Segment Start: Given data

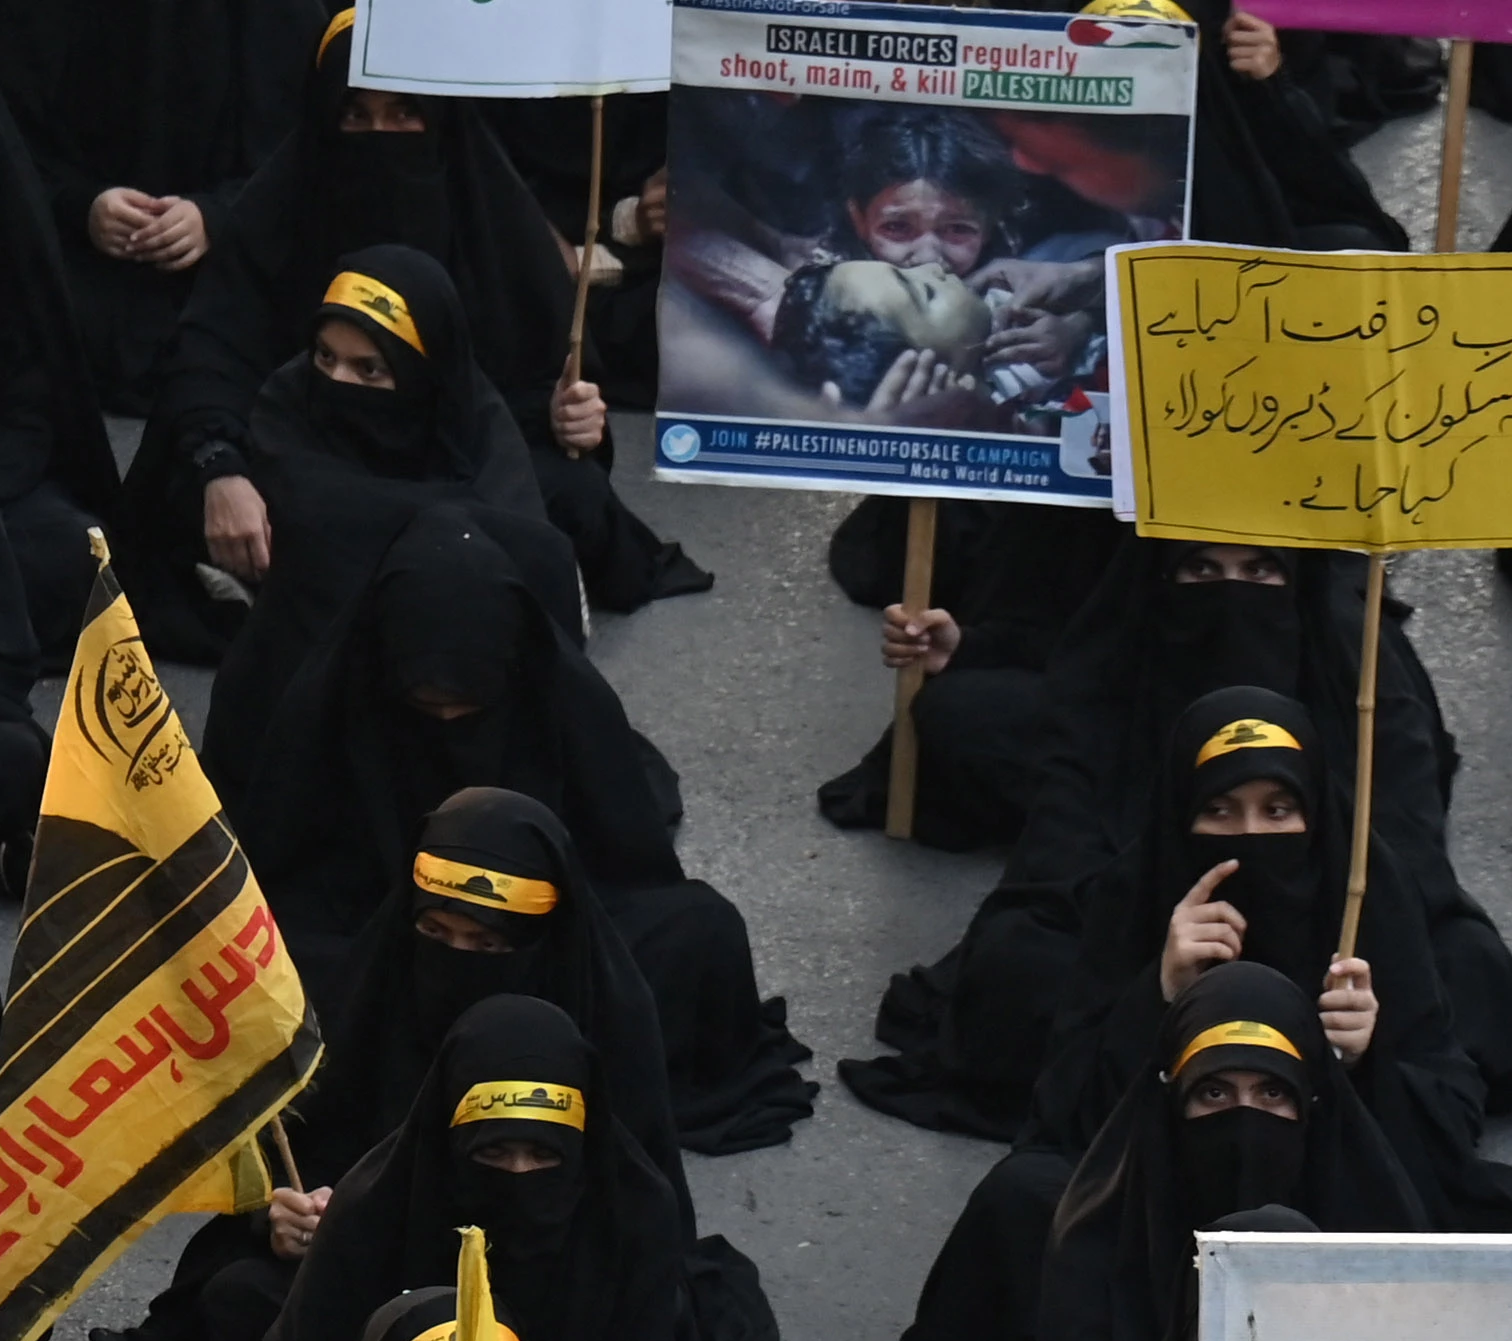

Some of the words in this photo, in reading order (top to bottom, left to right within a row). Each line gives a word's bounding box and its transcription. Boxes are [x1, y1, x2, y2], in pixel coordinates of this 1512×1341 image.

[769, 27, 857, 56] ISRAELI
[867, 35, 954, 63] FORCES
[962, 40, 1078, 76] regularly
[720, 54, 794, 86] shoot,
[807, 63, 880, 95] maim,
[890, 69, 907, 91] &
[917, 67, 957, 96] kill
[965, 74, 1131, 105] PALESTINIANS
[1146, 309, 1195, 348] ہے
[1335, 368, 1406, 440] کے
[710, 430, 748, 448] JOIN
[755, 433, 961, 463] #PALESTINENOTFORSALE
[966, 445, 1052, 468] CAMPAIGN
[909, 463, 950, 479] Make
[954, 465, 998, 483] World
[1003, 467, 1050, 487] Aware
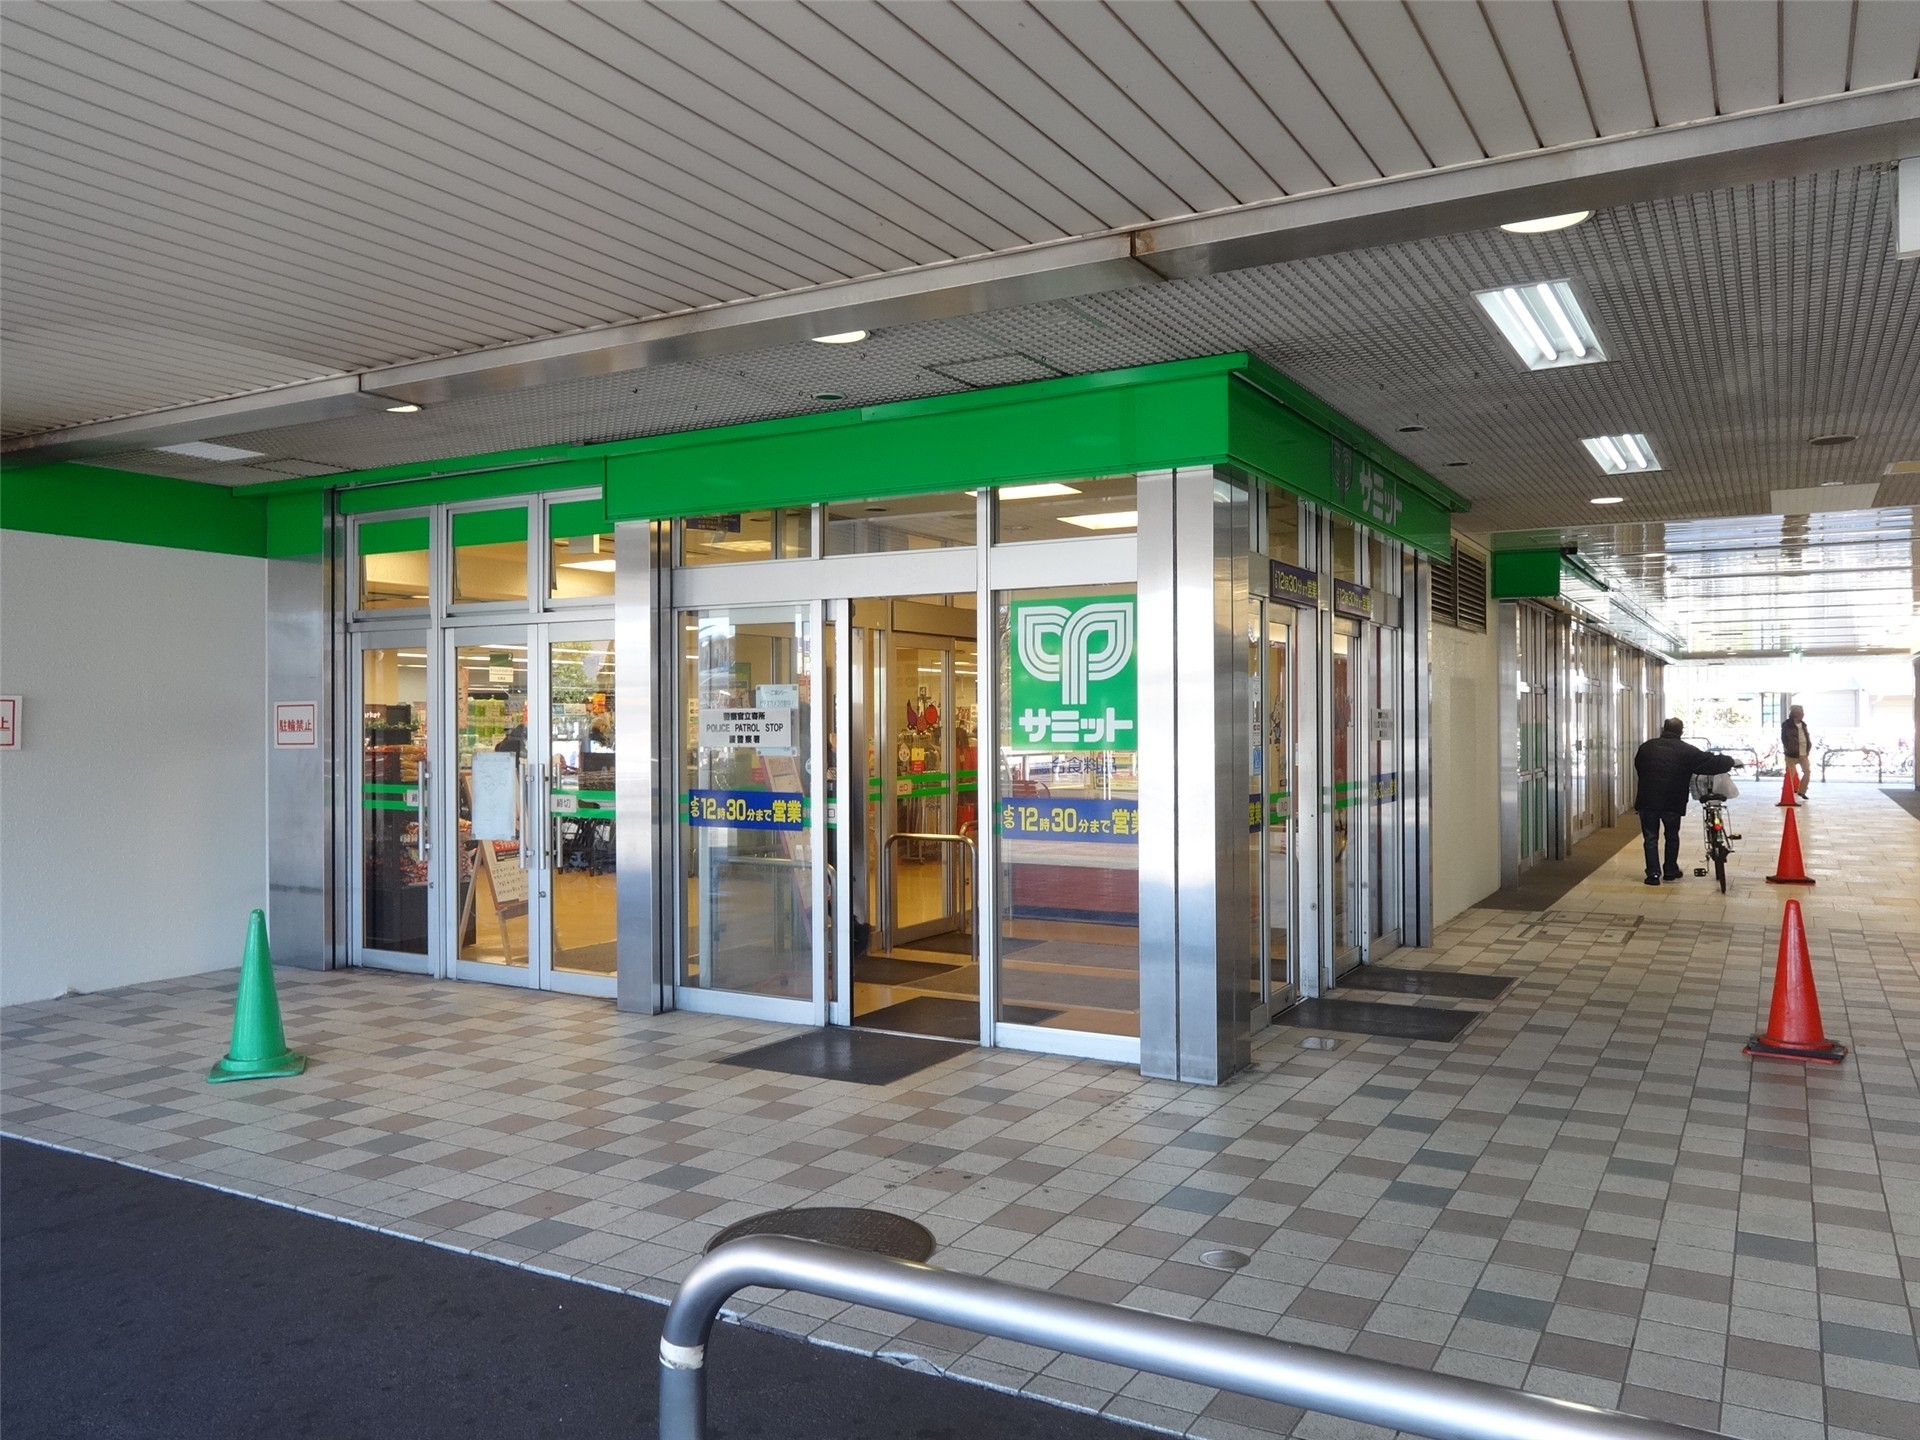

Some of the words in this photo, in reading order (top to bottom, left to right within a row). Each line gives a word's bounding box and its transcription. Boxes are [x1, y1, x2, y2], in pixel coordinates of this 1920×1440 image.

[1359, 460, 1403, 527] サミット
[279, 718, 312, 732] 駐輪禁止
[706, 723, 730, 732] POLICE
[735, 723, 760, 732] PATROL
[765, 723, 784, 732] STOP
[1019, 707, 1134, 743] サミット
[690, 795, 802, 824] よる12時30分まで営業
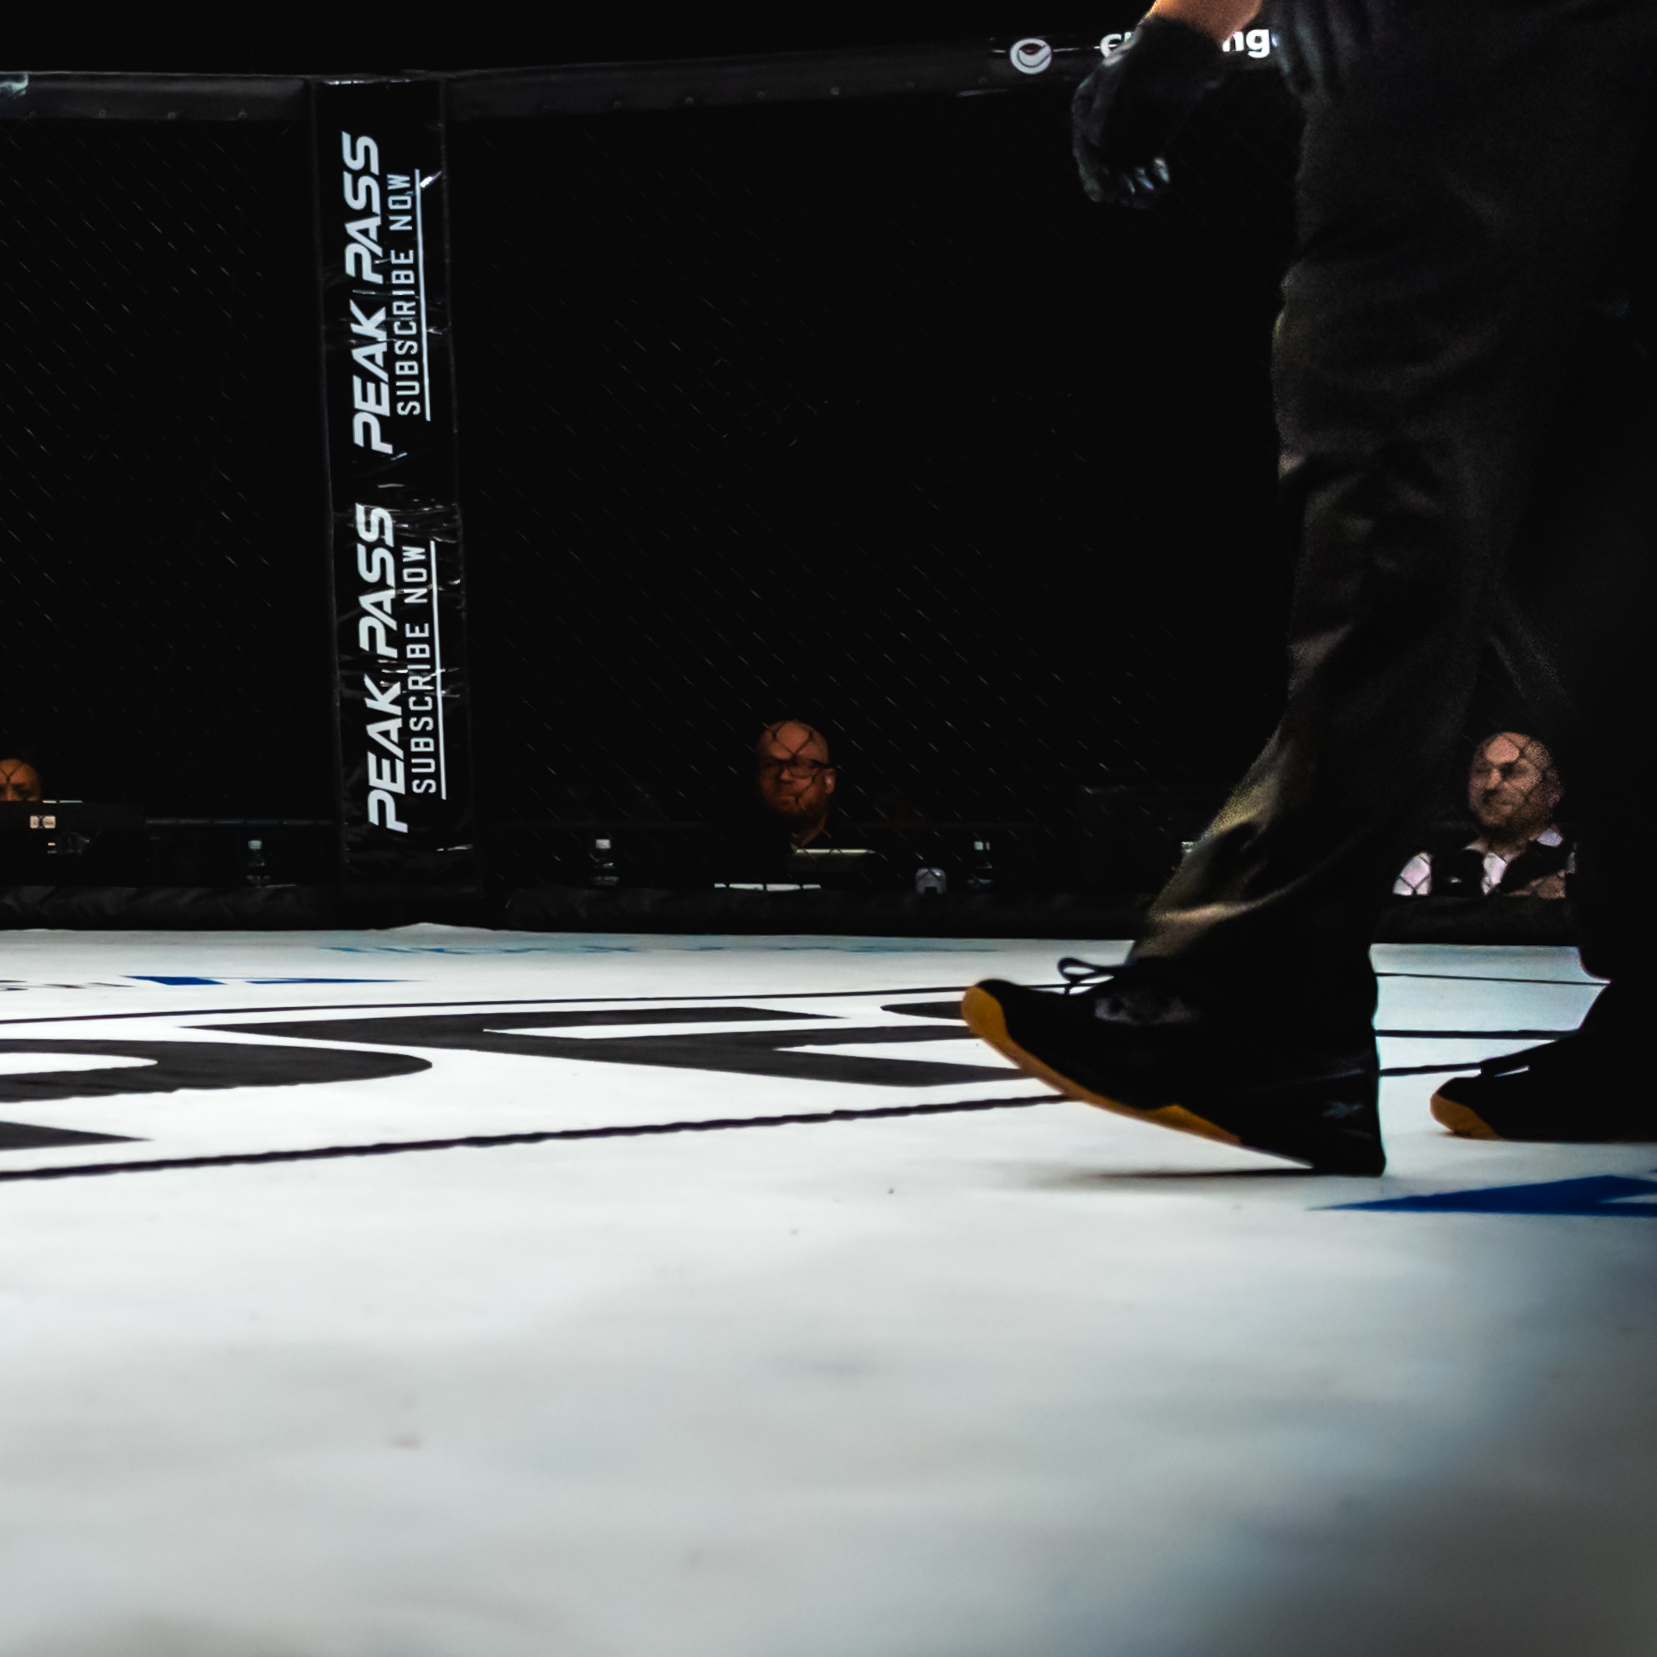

Segment End: Given data

Print the records above exactly as they stand, but leave out the pictures.

- **Task output**
Some of the words in this photo, in reading order (top to bottom, left to right within a row). Each line gives a word's bounding box and its transcription. Boxes are [x1, y1, x2, y2], in pixel coordinates of this 1512×1341 image.

[769, 27, 857, 56] ISRAELI
[867, 35, 954, 63] FORCES
[962, 40, 1078, 76] regularly
[720, 54, 794, 86] shoot,
[807, 63, 880, 95] maim,
[890, 69, 907, 91] &
[917, 67, 957, 96] kill
[965, 74, 1131, 105] PALESTINIANS
[1146, 309, 1195, 348] ہے
[1335, 368, 1406, 440] کے
[710, 430, 748, 448] JOIN
[755, 433, 961, 463] #PALESTINENOTFORSALE
[966, 445, 1052, 468] CAMPAIGN
[909, 463, 950, 479] Make
[954, 465, 998, 483] World
[1003, 467, 1050, 487] Aware

Some of the words in this photo, in reading order (top to bottom, left to right within a row). Each line gives a word's bounding box and its transcription. Boxes are [x1, y1, x2, y2], in pixel coordinates of this 1920×1440 image.

[1359, 460, 1403, 527] サミット
[279, 718, 312, 732] 駐輪禁止
[706, 723, 730, 732] POLICE
[735, 723, 760, 732] PATROL
[765, 723, 784, 732] STOP
[1019, 707, 1134, 743] サミット
[690, 795, 802, 824] よる12時30分まで営業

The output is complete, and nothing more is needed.